As my daughter got closer to her teenage years, I could sense tension between her and her mother. I decided it was time for Krystasia to try living with me. For months my daughter’s mother and I went back and forth in the courtroom.

In the end I was awarded full custody, but I didn’t win. There are no real winners. I’m not proud that we weren’t able to reach an agreement on raising our daughter without intervention, though I am grateful for the court’s decision.

I’m absolutely in love with my daughter, and our living together full-time has been incredible for us both. We’ve found our favorite restaurants and I’ve learned to be a better shopper.

I encourage Krystasia to cultivate the relationship with her mother and two younger sisters. The custody ordeal was a little traumatic, so I constantly ask her, “Are you doing okay? Is this crazy for you? You know that you can call your mom anytime you want, right? Do you miss your sisters?”

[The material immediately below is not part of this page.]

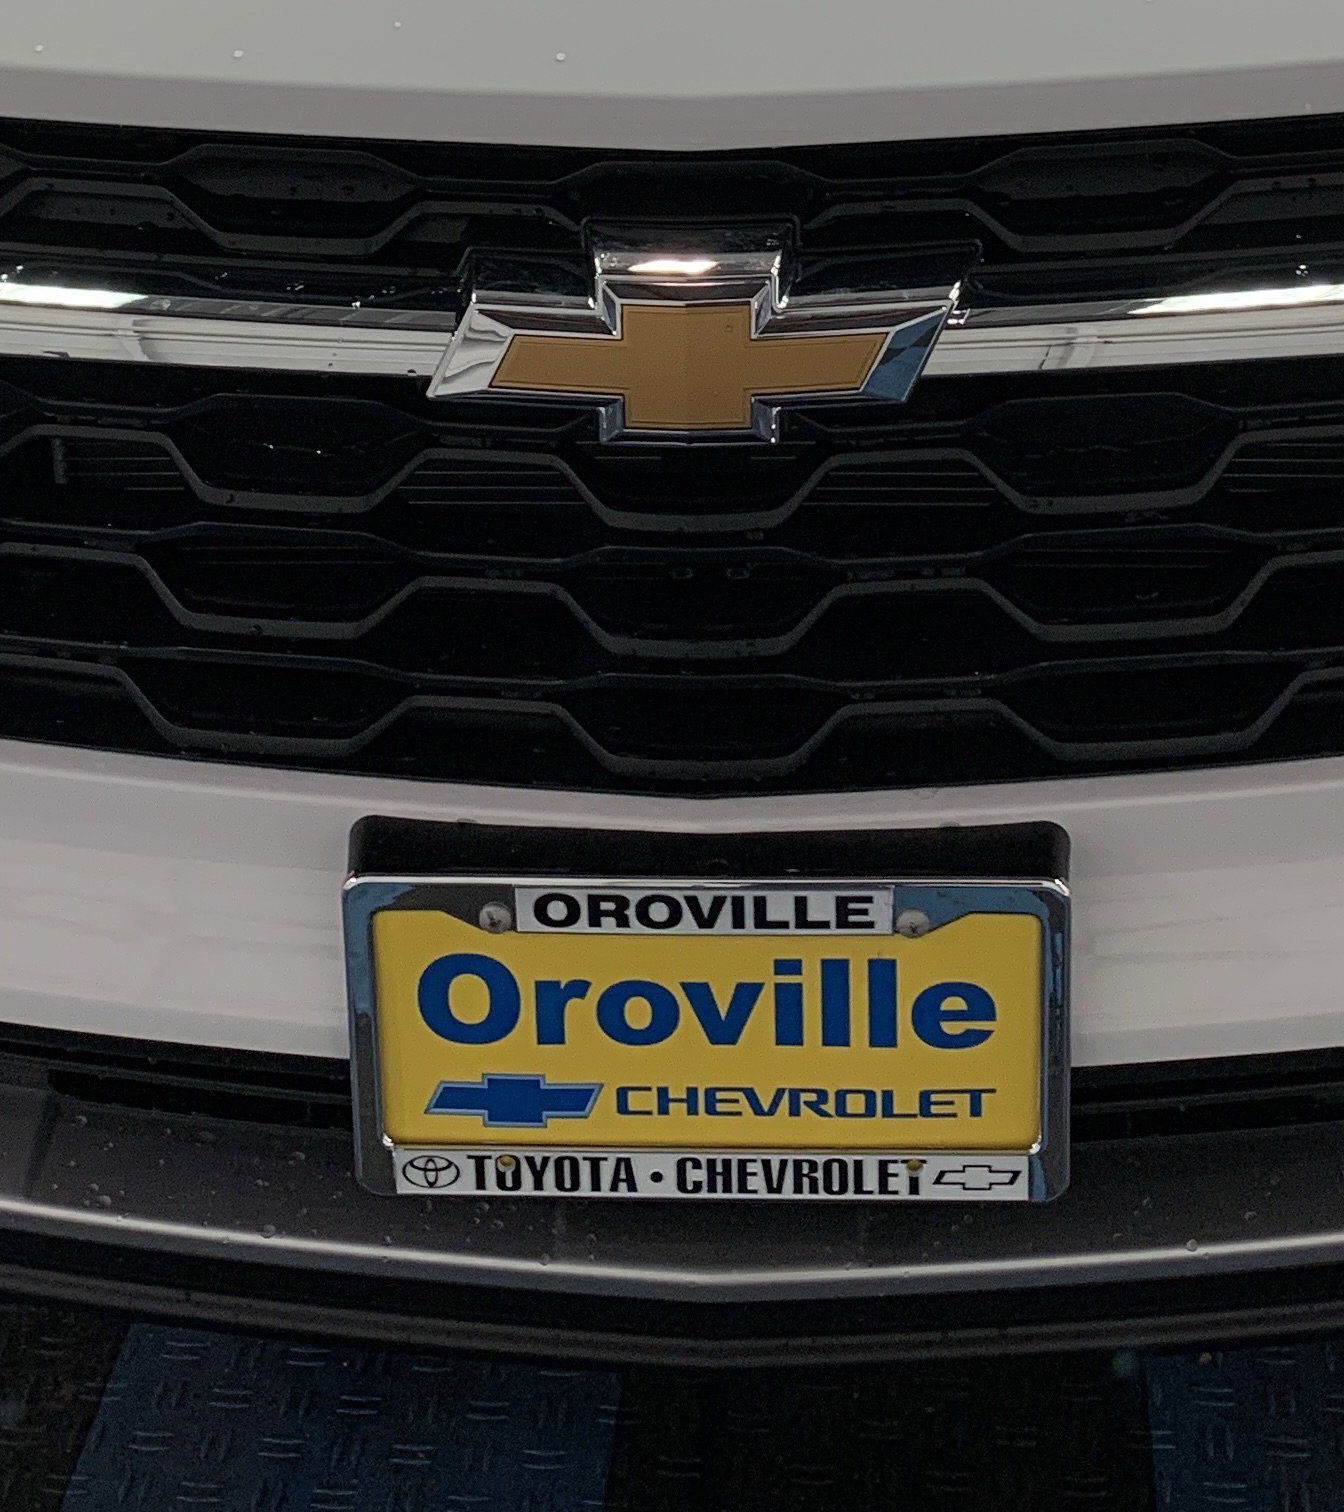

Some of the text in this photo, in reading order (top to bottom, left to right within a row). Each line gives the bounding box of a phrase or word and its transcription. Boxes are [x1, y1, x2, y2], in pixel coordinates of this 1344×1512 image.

[533, 892, 876, 931] OROVILLE
[417, 952, 998, 1050] Oroville
[615, 1086, 998, 1119] CHEVROLET
[467, 1153, 926, 1197] TOYOTA CHEVROLET

“Yes, no, I know, sometimes.” Those are her typical responses, like a typical teenager’s. I get more details by studying her behavior, gauging her moods and speaking with her teachers. They say she is a gem and talks with other students. My mother, the first person to know about the arrival of my daughter’s monthly friend, is also an amazing support.

I am a young, Black single father raising a teenage daughter. It has meant asking her to adjust. It’s about understanding she is already transitioning from a girl to a young woman.

I trust Krystasia will be all right. I hope our relationship will be the benchmark for how she expects to be treated by men in the future. She recently shared scripture with me from the Book of Matthew: “So do not worry about tomorrow; for tomorrow will care for itself.” And that’s what we are doing—letting what’s best for today be enough.